### Task directions
If an entry below holds a picture, skip the picture and copy everything else exactly.

### Available data
────────────────────

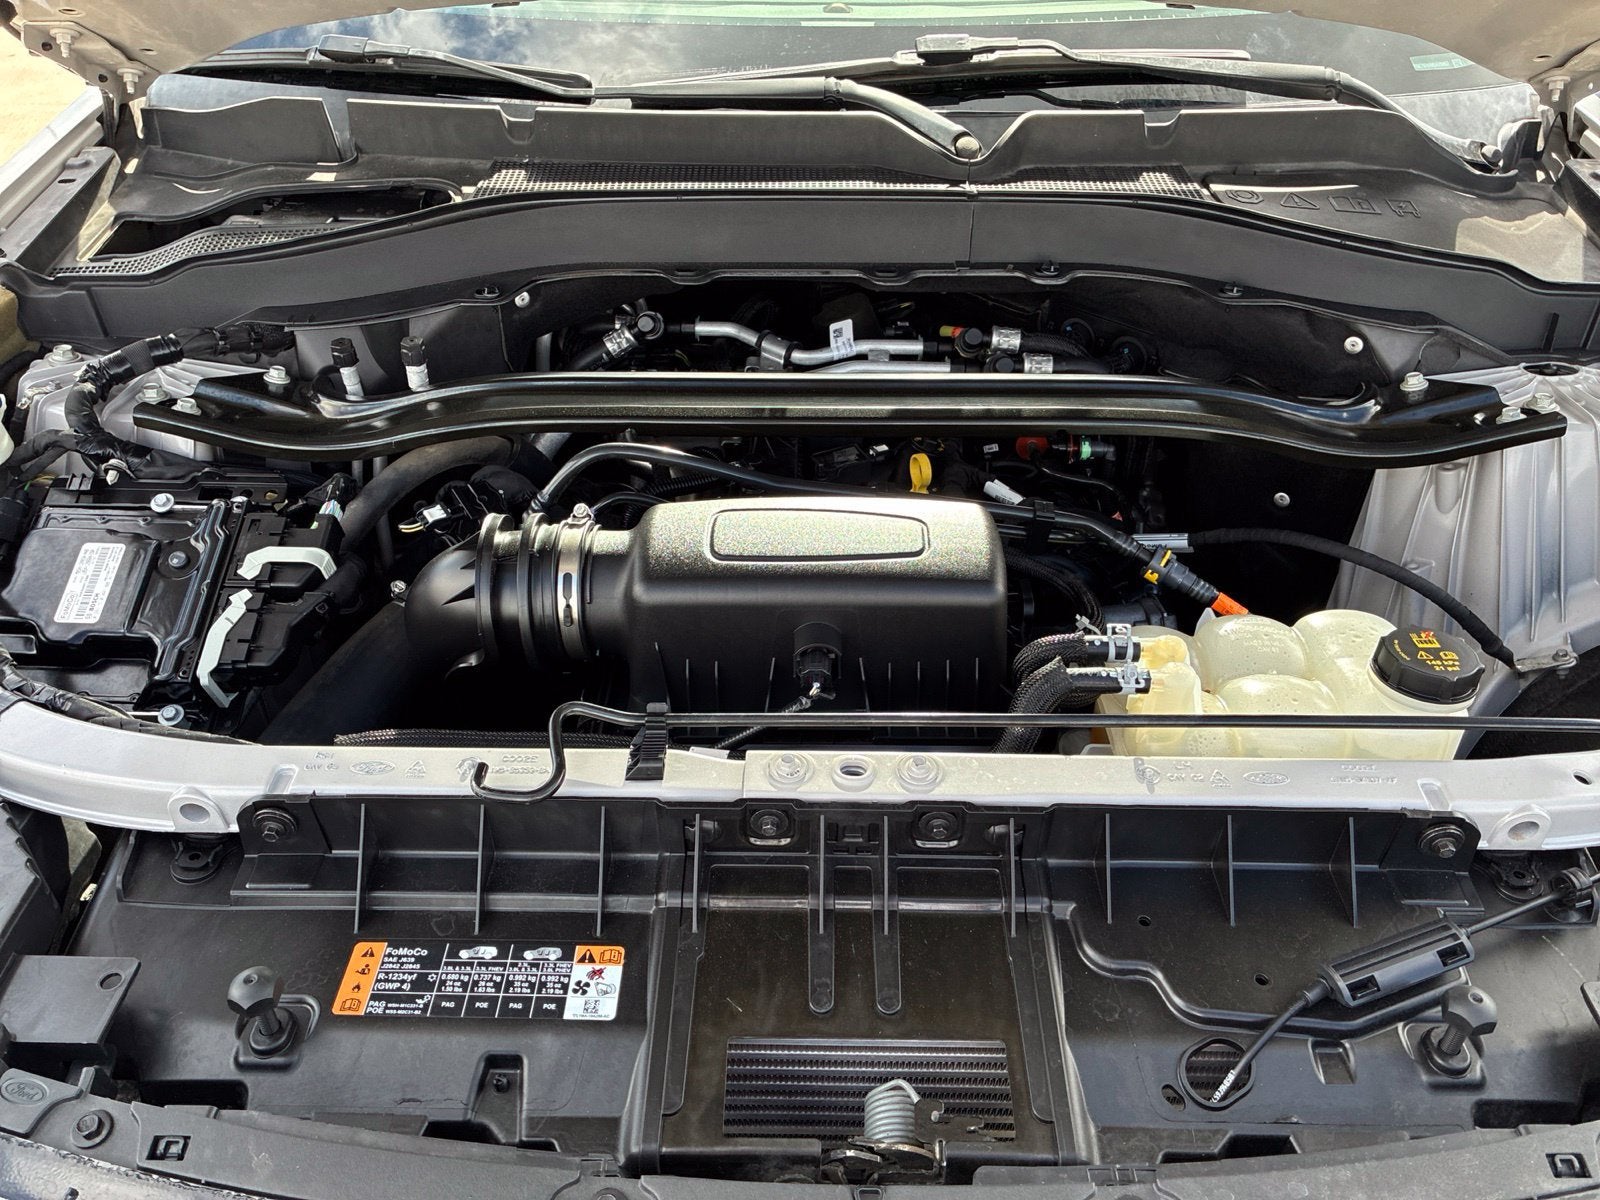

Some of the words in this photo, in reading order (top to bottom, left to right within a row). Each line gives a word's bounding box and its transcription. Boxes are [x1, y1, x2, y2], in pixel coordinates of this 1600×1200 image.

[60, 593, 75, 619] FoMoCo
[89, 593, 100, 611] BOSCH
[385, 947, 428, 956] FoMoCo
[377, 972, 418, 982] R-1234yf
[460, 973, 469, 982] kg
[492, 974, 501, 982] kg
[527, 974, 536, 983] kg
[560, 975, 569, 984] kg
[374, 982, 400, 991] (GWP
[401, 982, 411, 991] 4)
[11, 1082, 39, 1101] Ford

────────────────────

### Task result
Some of the words in this photo, in reading order (top to bottom, left to right within a row). Each line gives a word's bounding box and its transcription. Boxes are [x1, y1, x2, y2], in pixel coordinates of this 1600×1200 image.

[60, 593, 75, 619] FoMoCo
[89, 593, 100, 611] BOSCH
[385, 947, 428, 956] FoMoCo
[377, 972, 418, 982] R-1234yf
[460, 973, 469, 982] kg
[492, 974, 501, 982] kg
[527, 974, 536, 983] kg
[560, 975, 569, 984] kg
[374, 982, 400, 991] (GWP
[401, 982, 411, 991] 4)
[11, 1082, 39, 1101] Ford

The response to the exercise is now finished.